SOCIAL MEDIA AND DATA PHONES
One thing I’ve really noticed that has had an impact on the interview process is social media. Though social media can create a reach to more possible hires and promote the company, there are some negative things that have come along with the social media craze.
“I’m Up Here” Eye contact is suffering—particularly our younger interviewees are so used to communicating by looking down into the palm of their hands, texting onto a phone screen. Where did the face-to-face communication skills go?
When I’m out at dinner with my husband, I have to enforce a rule that there are no phones at the table. For a while, I wouldn’t be able to get any eye contact from him as he would be really interested in the game stats, his Twitter account, and any other phone application that distracted him. #NotOkay.
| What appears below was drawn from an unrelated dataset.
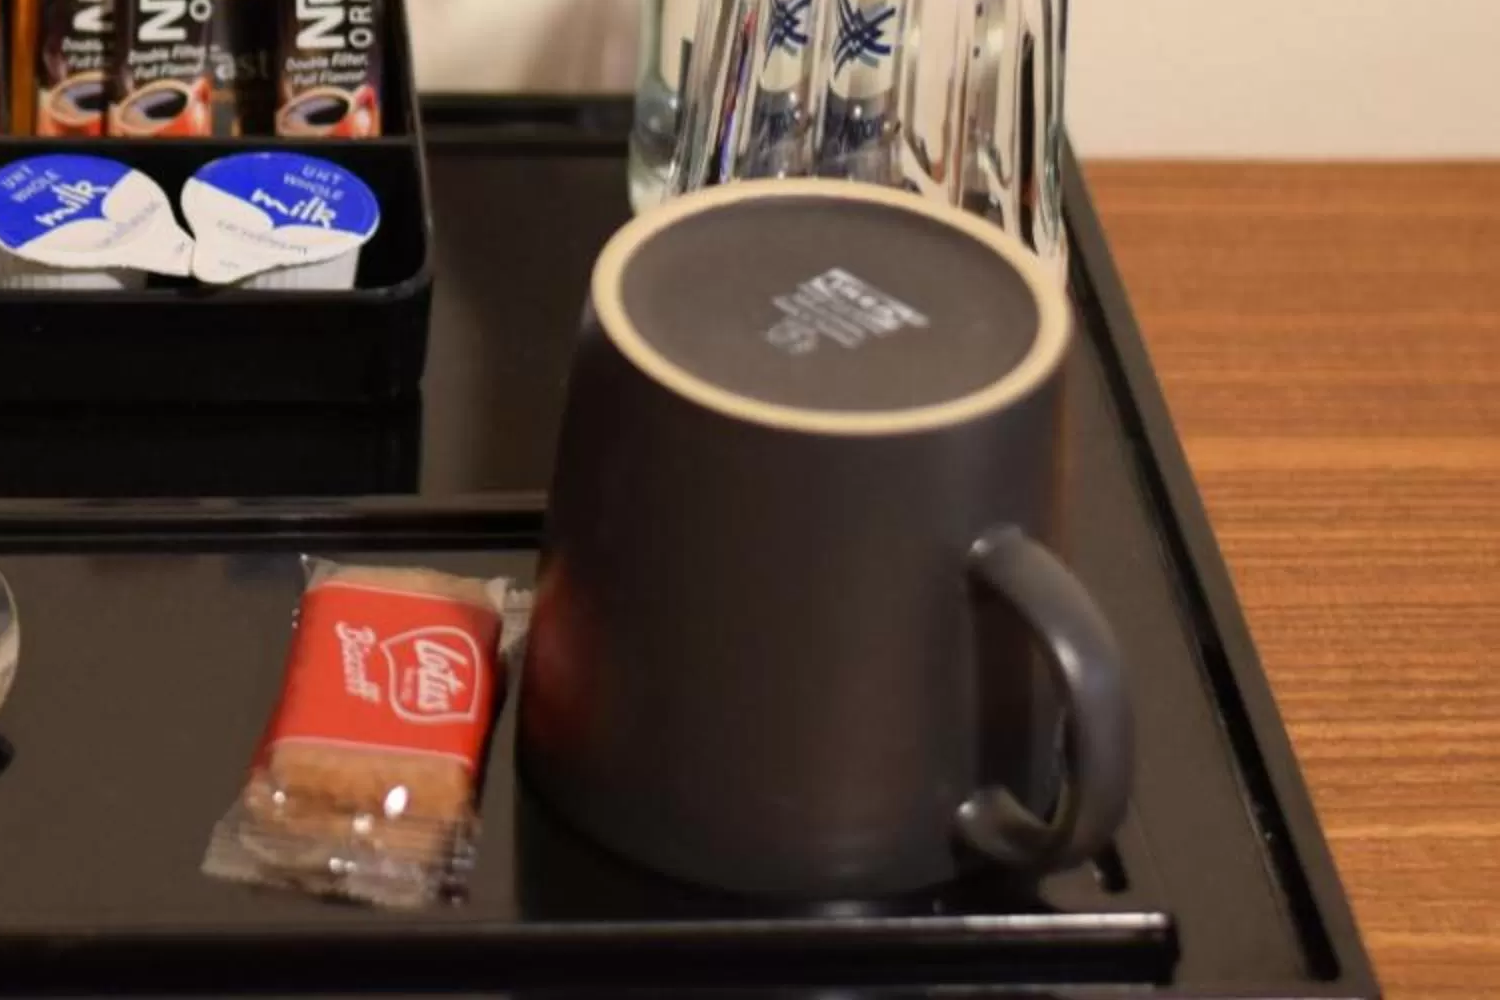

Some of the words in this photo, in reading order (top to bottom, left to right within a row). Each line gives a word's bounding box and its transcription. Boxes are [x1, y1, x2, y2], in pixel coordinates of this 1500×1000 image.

Even though the phones nowadays are amazing technical advances, practice eye contact whenever you are speaking with someone. Today’s phone allows us to communicate with each other without really seeing, speaking or engaging with each other. Look up…I’m not in the palm of your hand, I’m up here.
Talk to Me Speaking of suffering, speech and vocal tones are abominable! I’ve had someone come into an interview speaking in hashtags! Don’t get me wrong, I like a good hashtag, but not in an interview! Please speak in full sentences…please.
I’ve had so many people who come in to answer my interview questions with a mumble this and a mumble that. I can barely understand what people are saying and find myself nodding slowly trying to figure out what was just said.
It all goes back to that dang phone. I know the world of texting and messaging is super speedy, but I suggest you pick up the phone every once in a while to practice speaking to someone. We communicate without speaking anymore and it’s a problem. Don’t let your voice be lost—speak up!
Facebook and Twitter As a hiring manager, I’ve used Facebook and Twitter to check out the person behind the resumes. Sometimes, I find out much more than I bargained for. ..
One potential hire posted all sorts of pictures of herself as a go-go dancer, aided by comments and taglines that only made me question her work ethic. Obviously, this young woman really liked the attention she received from these half-naked photos she kept posting of herself, but failed to realize that once you put it on the internet, the whole world has access to it.
Another young man I had interviewed for an administrative position posted pictures of his weekends which included heavy drinking and silly college pranks. For my own taste, I was looking for someone more serious whom I could rely on to get the job done.
In another instance, I checked Twitter for information about a lady I was looking to hire. She was extremely passionate about political views on her Twitter account, but it was to the point of putting other political affiliations down with exaggeration and close-mindedness. At our office, we don’t discriminate against our employees for any beliefs, thus we wouldn’t want any employee to do so.
Think about it… Think of Facebook and Twitter as “free information” for the public. You’re putting out information and pictures about yourself and allowing others to make judgments and assessments about you. Be careful about what you post on your social media sites.
Good News You CAN control what goes onto your social media—you can list the hobbies you love and can still post tasteful pictures that allow for some insight into your personality.